The latest CAPTCHA attack starts with a phishing email. The user is sent a link that points to an attacker-controlled page using the PHP language. The PHP page displays a fake Google reCAPTCHA with familiar images and controls. The images are static, so they do not change, and no sound is supported like the official reCAPTCHA. The user can click any image and submit it to the PHP page, and it launches the next step in the attack.
The request uses the user-agent provided by the browser to determine the type of file that will be uploaded to the user’s device. If the user-agent is Android, then the attacker sends a malicious APK file. Any other user-agent value retrieves a zip archive.
The uploaded APK is then used to intercept SMS PIN codes. With these PIN codes, an attacker has a much higher level of access than with sites that just use a username and password to authenticate.
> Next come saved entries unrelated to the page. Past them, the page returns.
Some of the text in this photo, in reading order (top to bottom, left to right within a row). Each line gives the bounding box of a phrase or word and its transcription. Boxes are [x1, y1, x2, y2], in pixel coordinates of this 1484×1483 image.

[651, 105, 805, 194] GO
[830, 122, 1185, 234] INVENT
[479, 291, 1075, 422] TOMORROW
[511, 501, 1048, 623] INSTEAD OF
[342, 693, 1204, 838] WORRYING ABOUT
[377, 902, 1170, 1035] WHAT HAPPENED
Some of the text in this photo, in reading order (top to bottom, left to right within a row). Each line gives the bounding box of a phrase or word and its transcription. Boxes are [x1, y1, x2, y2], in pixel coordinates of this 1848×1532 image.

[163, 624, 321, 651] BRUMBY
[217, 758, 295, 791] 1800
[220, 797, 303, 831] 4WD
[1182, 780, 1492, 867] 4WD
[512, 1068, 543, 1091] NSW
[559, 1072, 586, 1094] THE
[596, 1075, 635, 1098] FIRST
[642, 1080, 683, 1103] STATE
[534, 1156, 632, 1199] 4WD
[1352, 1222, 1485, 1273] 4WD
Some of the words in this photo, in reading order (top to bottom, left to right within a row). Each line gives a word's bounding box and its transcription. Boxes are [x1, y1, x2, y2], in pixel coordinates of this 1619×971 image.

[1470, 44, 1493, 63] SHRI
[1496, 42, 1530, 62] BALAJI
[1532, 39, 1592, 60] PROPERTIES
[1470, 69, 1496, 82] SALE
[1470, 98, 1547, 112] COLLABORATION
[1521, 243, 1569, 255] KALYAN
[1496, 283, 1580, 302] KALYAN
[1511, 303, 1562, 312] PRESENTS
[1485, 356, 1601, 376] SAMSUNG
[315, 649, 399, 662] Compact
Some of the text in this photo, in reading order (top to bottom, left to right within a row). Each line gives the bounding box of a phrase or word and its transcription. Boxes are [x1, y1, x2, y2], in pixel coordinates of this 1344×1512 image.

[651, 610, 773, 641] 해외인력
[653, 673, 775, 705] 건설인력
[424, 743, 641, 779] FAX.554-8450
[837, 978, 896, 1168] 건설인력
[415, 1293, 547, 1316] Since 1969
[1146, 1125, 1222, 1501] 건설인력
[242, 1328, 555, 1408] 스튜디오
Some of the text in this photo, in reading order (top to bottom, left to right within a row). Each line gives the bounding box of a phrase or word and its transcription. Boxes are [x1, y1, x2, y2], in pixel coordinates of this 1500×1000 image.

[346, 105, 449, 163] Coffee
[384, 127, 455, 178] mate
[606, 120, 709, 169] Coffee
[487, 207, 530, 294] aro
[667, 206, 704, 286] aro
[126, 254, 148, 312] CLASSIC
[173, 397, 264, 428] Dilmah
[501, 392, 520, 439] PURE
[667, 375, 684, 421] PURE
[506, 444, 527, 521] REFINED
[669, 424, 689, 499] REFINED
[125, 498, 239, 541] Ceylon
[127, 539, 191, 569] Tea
An attacker can even steal a user’s email address used to verify accounts and reset passwords, so they can obtain additional accounts after stealing the PIN code to reset the email’s password. For targeted attacks, corporate account details could be leaked that give the attacker access to infrastructure resources.
The start of most CAPTCHA attacks is a phishing email. The attacker must be able to trick a user into opening a page that displays a fake reCAPTCHA control. The page can be a local PHP page that runs in a web host instance or on a remote attacker-controlled server. The reCAPTCHA usually contains legitimate images but sound controls don’t function, and no dynamic rotation happens when users choose the wrong image.
Organizations can start by offering documentation or training that help users identify phishing attacks. This first step has been proven to help reduce successful phishing attacks, but it isn’t enough. Administrators must put cybersecurity systems and detection programs in place to block attacks.
Content filters help with remote website access, but DNS-based filtering stops attacks when the browser performs a domain query. Users are unable to access the domain that hosts the malicious content, so users are blocked, and a notification is sent to the administrator. These notifications can help administrators identify when a targeted phishing attack could be focused on the organization.
Some phishing attacks spoof the original sender’s email address. Users click links from recognizable email senders but don’t know to check email headers for fraudulent messages. Domain-based Message Authentication, Reporting & Conformance (DMARC) is a newer technology that combines encryption and DNS entries to ensure that the sender is the official one. DMARC security quarantines suspicious emails so that an administrator can review them before sending them a user’s inbox.
All three of these cybersecurity initiatives should be put into place to avoid successful phishing attacks. Training helps users identify phishing messages, but DMARC and DNS-based filters protect them should they be unable to identify an attack.
Sign-up for email updates...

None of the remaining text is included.